Muslin Quotes & Anecdotes
Arab traders exchanging stories on the boats to Bengal, 9th century
- ‘In this same Country they make Cotton Garments, in so extraordinary a manner, that nowhere else are the like to be seen. These Garments are for the most part round, and wove to that degree of fineness, that they may be drawn through a Ring of a middling Size.’ – Sulayman al-Tajir, Abu Zayd Hasan ibn Yazid Sirafi, Arab travellers, 9th-10th centuries.
- ‘There is also made in Seronge another sort of Calicut, which is so fine that when a man puts it on, his skin shall appear through it, as if he were naked.’ – Jean-Baptiste Tavernier, 17th century French traveller.

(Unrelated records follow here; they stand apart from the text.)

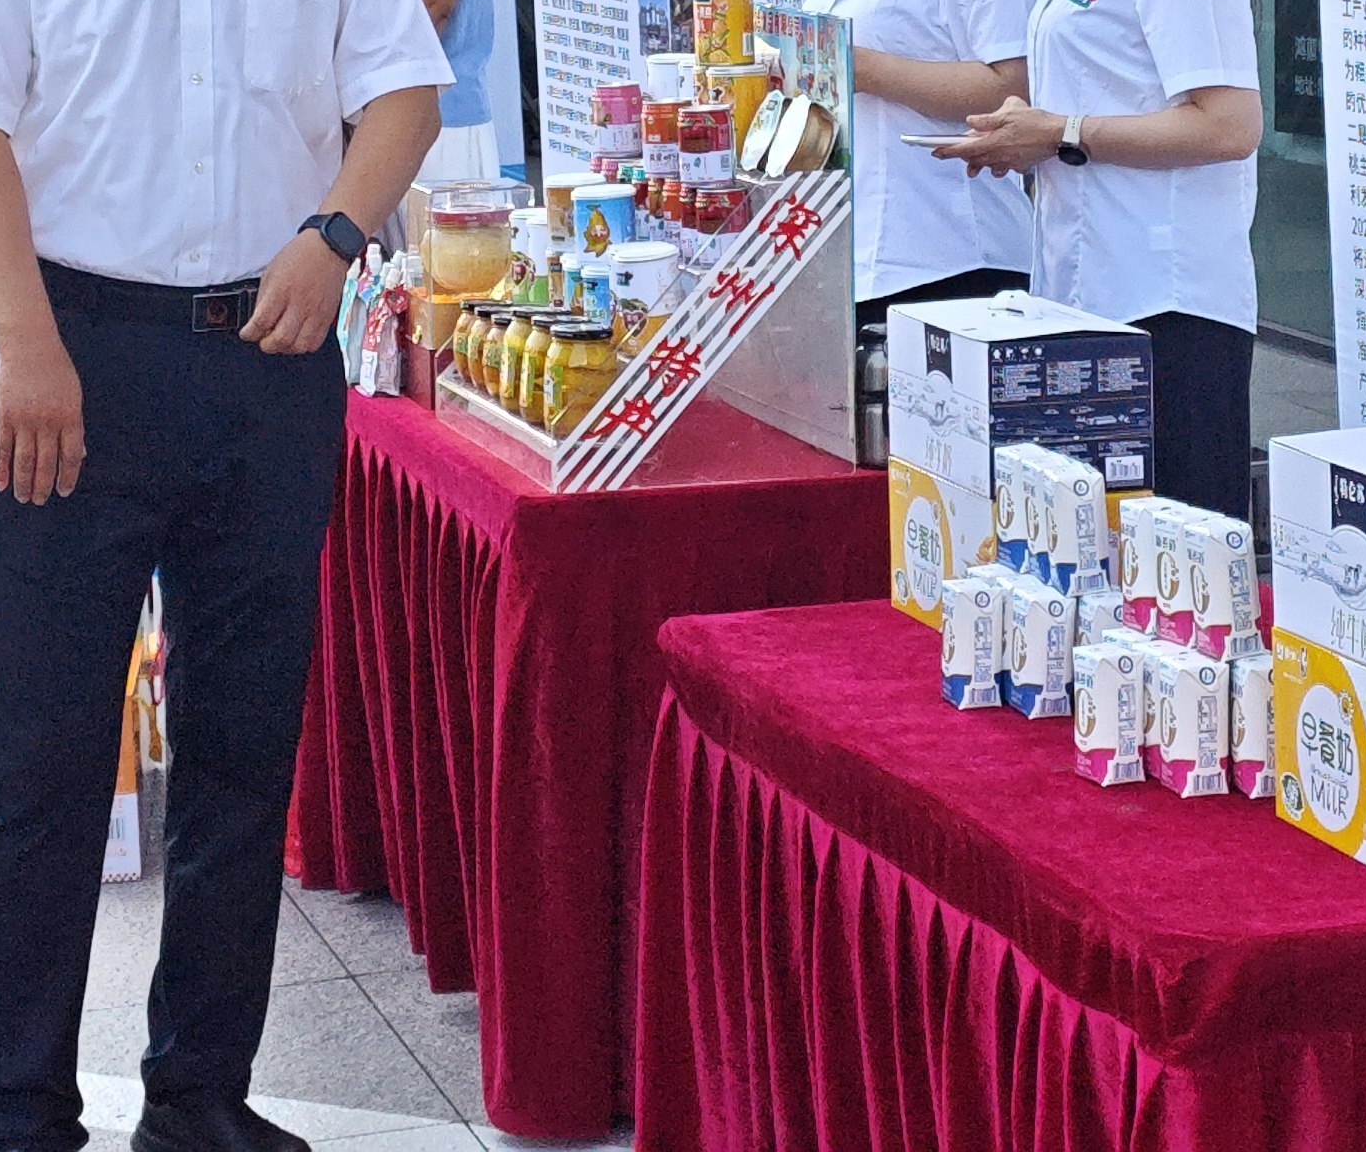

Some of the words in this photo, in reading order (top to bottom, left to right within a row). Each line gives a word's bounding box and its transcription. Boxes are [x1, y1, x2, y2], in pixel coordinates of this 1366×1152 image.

[584, 193, 823, 440] 深州特产
[1301, 711, 1355, 776] 早餐奶
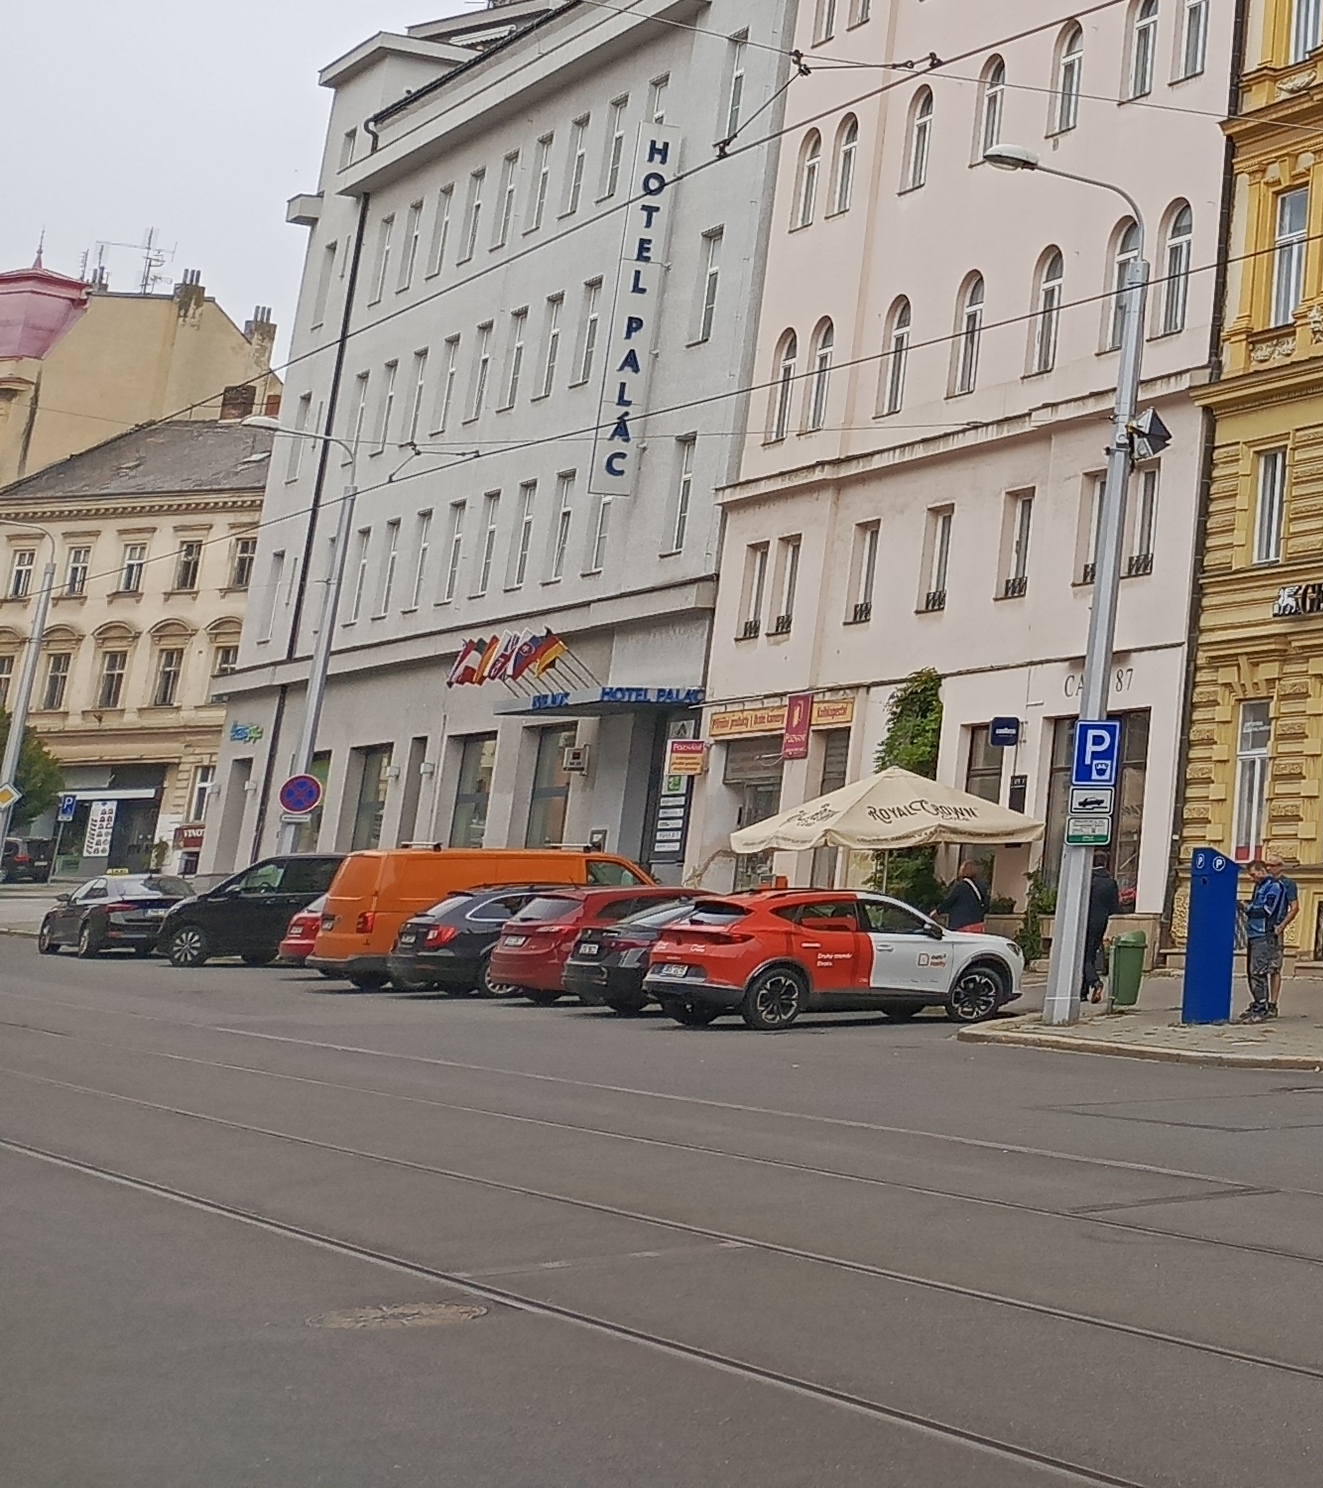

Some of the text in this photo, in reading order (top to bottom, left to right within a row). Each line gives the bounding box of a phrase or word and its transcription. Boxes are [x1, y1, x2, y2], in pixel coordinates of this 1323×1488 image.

[604, 139, 670, 477] HOTEL PALÁC
[1115, 668, 1134, 693] 87
[601, 687, 650, 703] HOTEL
[867, 805, 918, 824] ROYAL

- ‘Thy bride might as well clothe herself with a garment of the wind as stand forth publicly naked under her clouds of muslin’ – Gaius Petronius Arbiter, 27-66 CE, Roman senator, generally regarded as author of Satyricon.
- Fine Indian cotton (the first muslin) was sent to Rome via Delhi, Iraq and also to Indonesia, overland, packed in hollow bamboo tubes on mule backs. It took three years to reach the customer.

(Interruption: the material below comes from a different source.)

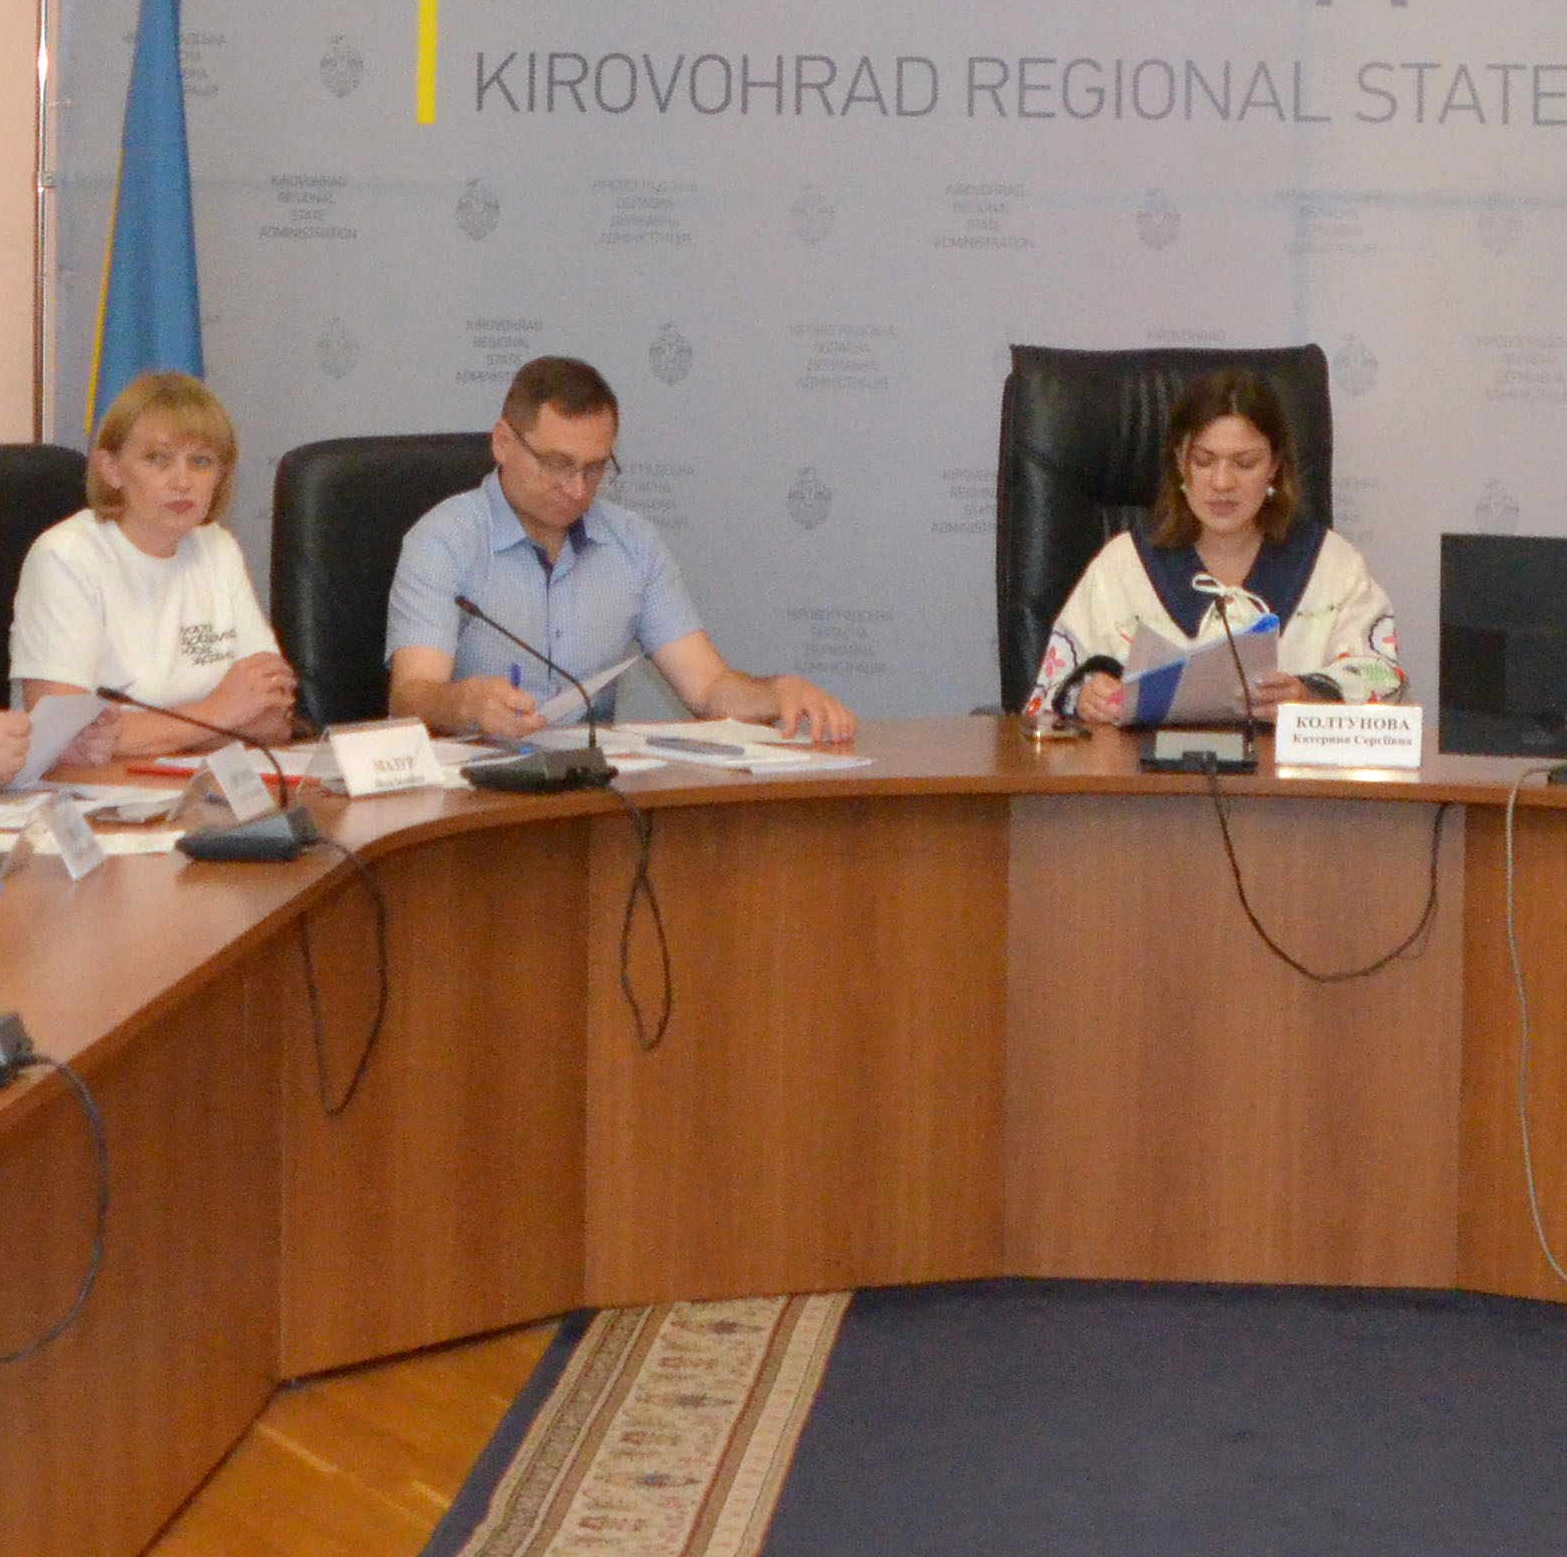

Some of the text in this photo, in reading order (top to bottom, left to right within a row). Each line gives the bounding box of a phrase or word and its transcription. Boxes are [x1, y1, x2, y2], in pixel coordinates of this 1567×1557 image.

- One of the myths about muslin was that the yarn was spun underwater because of the fabric’s sheer and silky quality. This particular myth may stem from the fact that the spinning could only take place in a humid environment and spinners sometimes placed bowls of water in the room to further humidify the air.
- William Bolt, Dutch-born British merchant, wrote in 1770 in his “Consideration on Indian Affairs”, that the Mughal Emperor Aurangzeb once chastised his daughter for being naked, although the princess was fully clothed. The princess protested that she was in fact wearing seven layers of fine Abrawan muslin. The fabric was so sheer that she appeared to be wearing nothing at all.
- During the time of Alibardi’s rule, a piece of muslin was placed on a field to dry. However, the cloth was so transparently fine and thus almost invisible, a farmer’s cow grazing in the same field ate the cloth along with the grass. The story goes that as a punishment, the farmer and his cow were later thrown out of Dhaka.